What's on my screen?

  • Mosaic as my window manager, curing my FancyZones withdrawal
  • iTerm2 on the top left - The perfect terminal for my needs.
  • Visual Studio Code on the top right - Just your software-engineer default.
  • Arc on the bottom left - Firefox Multi-Account Containers-like, on Chromium, with infinitely better UIX.
  • Raycast on the bottom center - The answer to every person’s, “Why MacOS?”
  • Obsidian on the bottom right - Notion good but local first markdown with extensibility is better.

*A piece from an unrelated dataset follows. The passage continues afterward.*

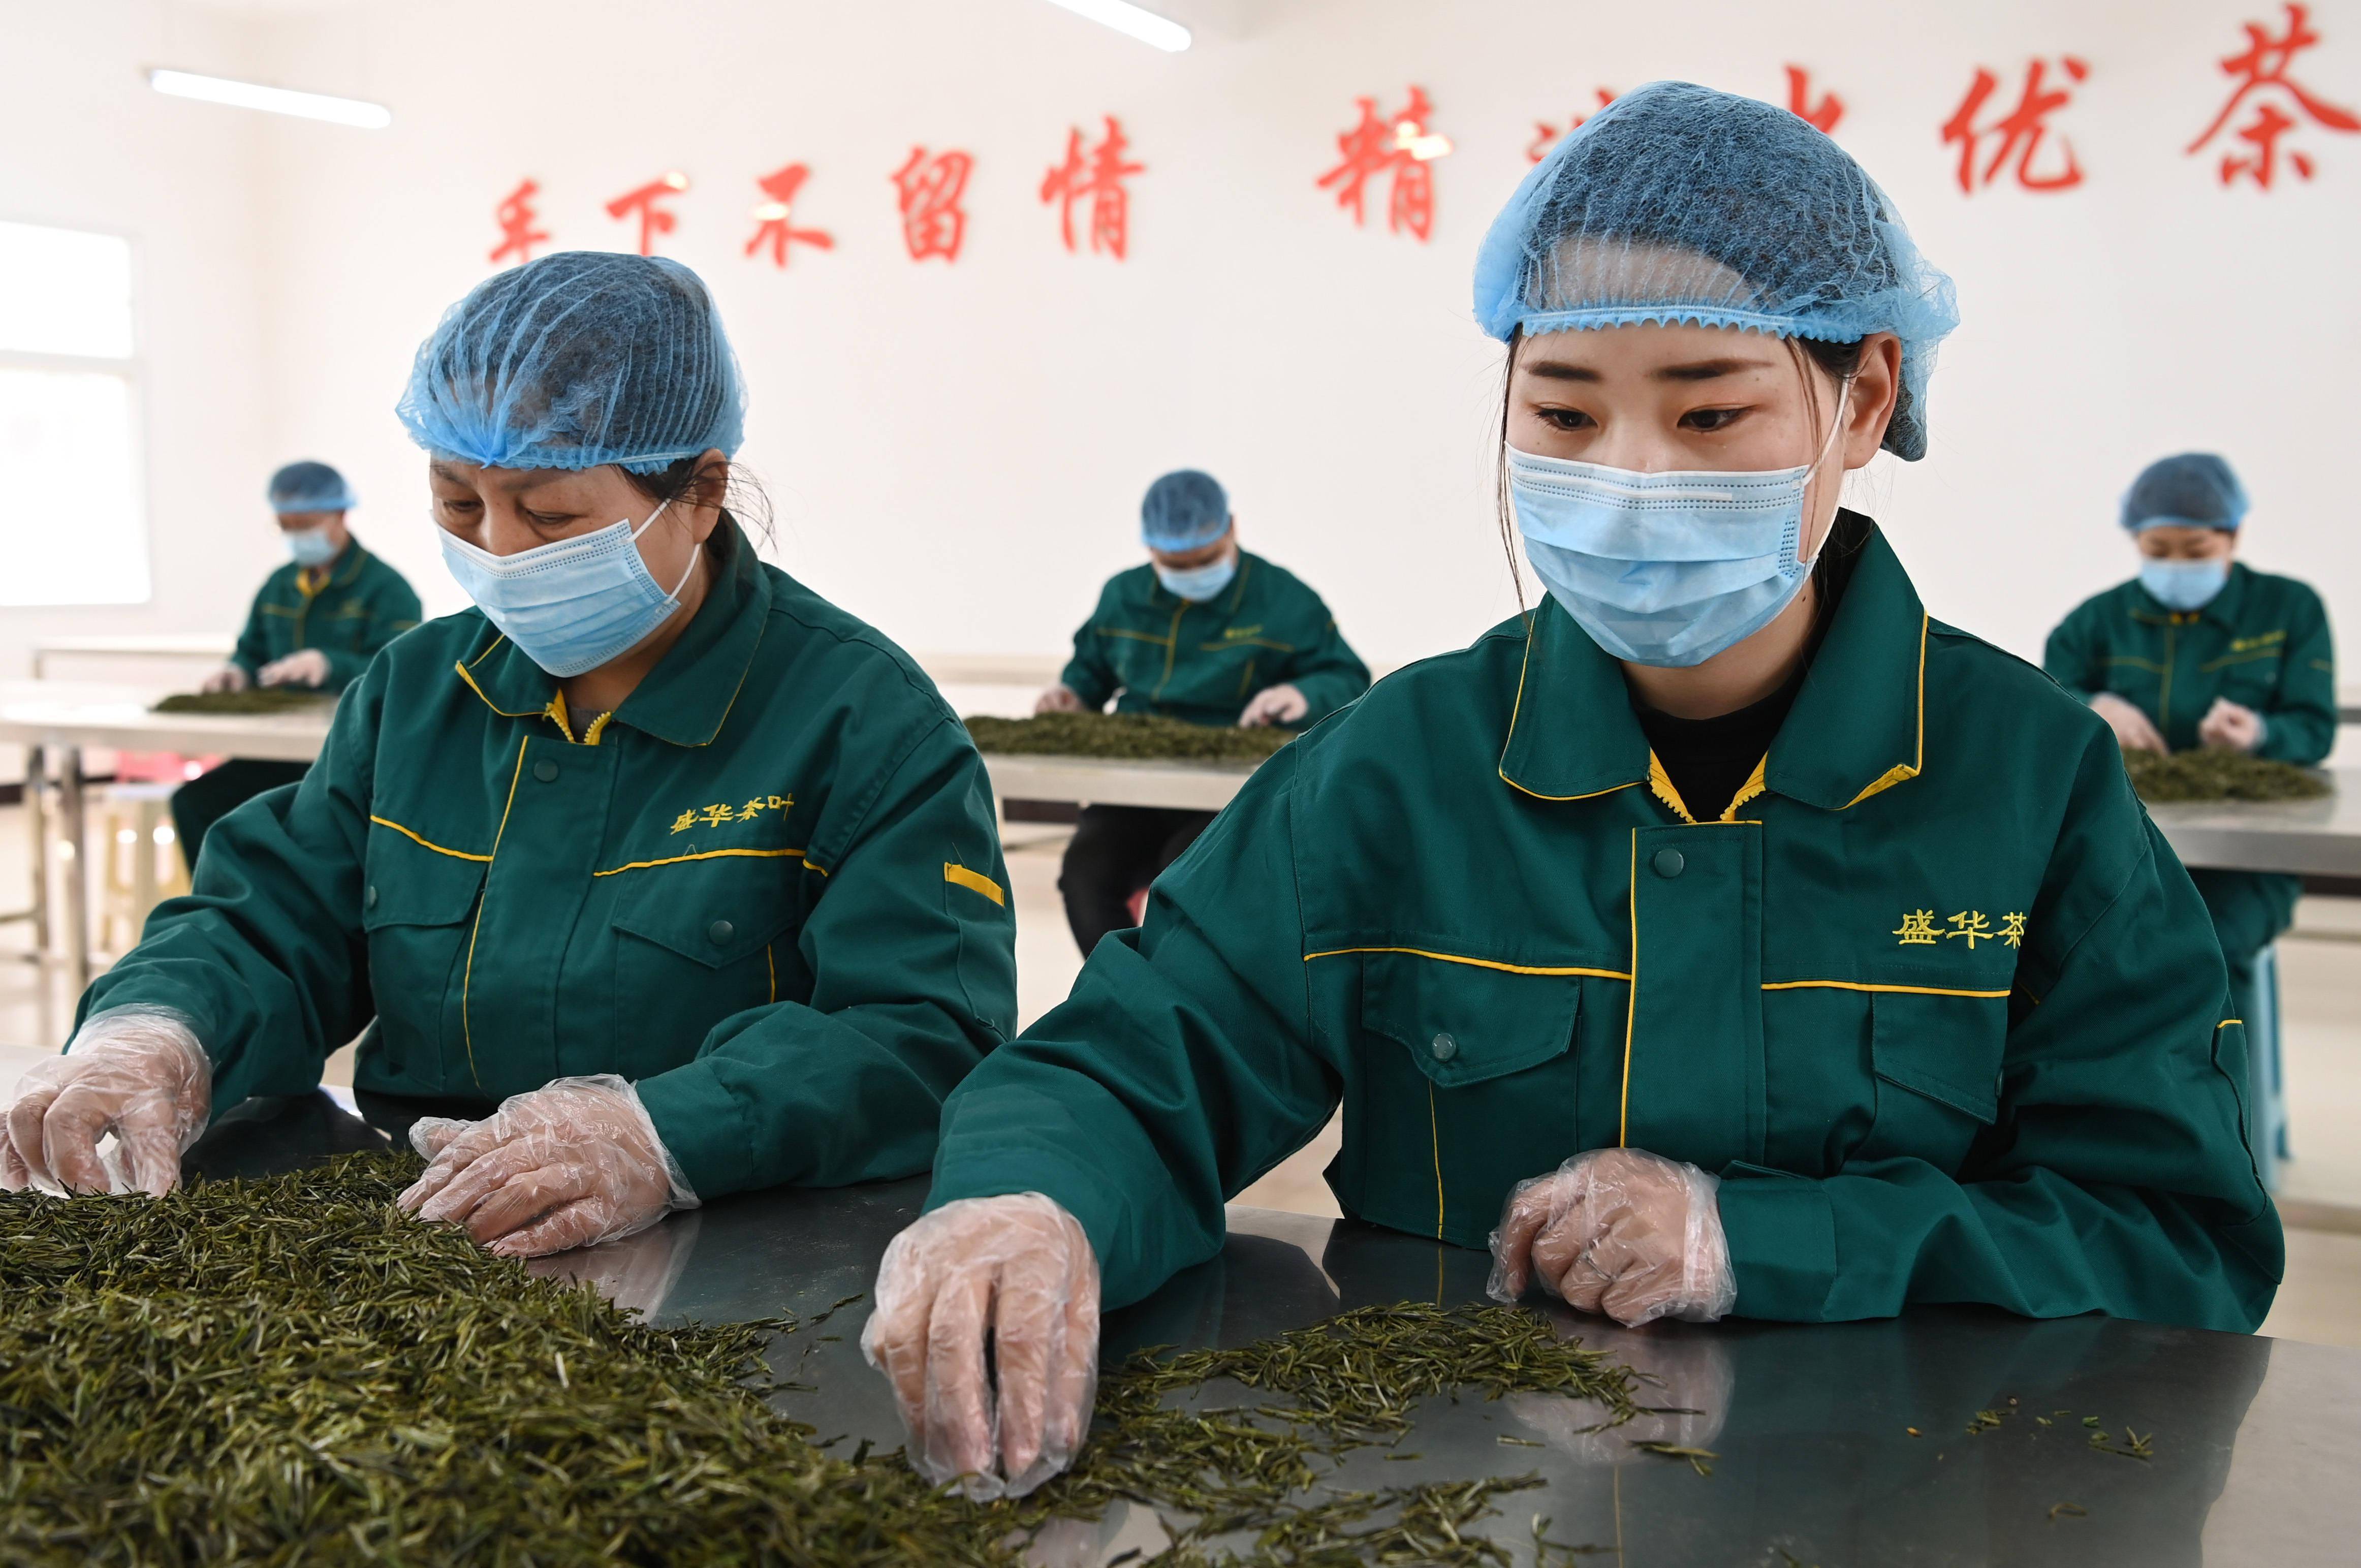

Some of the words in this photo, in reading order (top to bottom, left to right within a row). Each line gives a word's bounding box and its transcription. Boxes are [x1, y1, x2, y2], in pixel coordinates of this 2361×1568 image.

[1316, 2, 2361, 243] 精优茶
[670, 793, 795, 835] 盛华茶叶
[1892, 908, 2027, 949] 盛华茶

When I am on the go though…

the 16 inch screen serves its purpose more than my thinnest-ultrabook-seeker past self would have realised. Then my work desktop would look something like this.

What's on my screen?

  • Apple Books on the left
  • iTerm2 on the bottom right
  • Visual Studio Code on the top right
  • Orbstack on the center, an excellent replacement for my past WSL2 enjoyer self.
  • Bartender rounds and separates the menubar, and hides items behind an icon of my choice.
  • iStat Menus is the first item on the right menubar, and as you’d guess, it shows all the stats I want on the menubar.
  • Aldente Pro is the second item on the right menubar, limits and handles battery charging behaviour to keep my battery health twitter-share worthy.

What else is there?

There are other tools that fuel my workflow but have missed the highlights above.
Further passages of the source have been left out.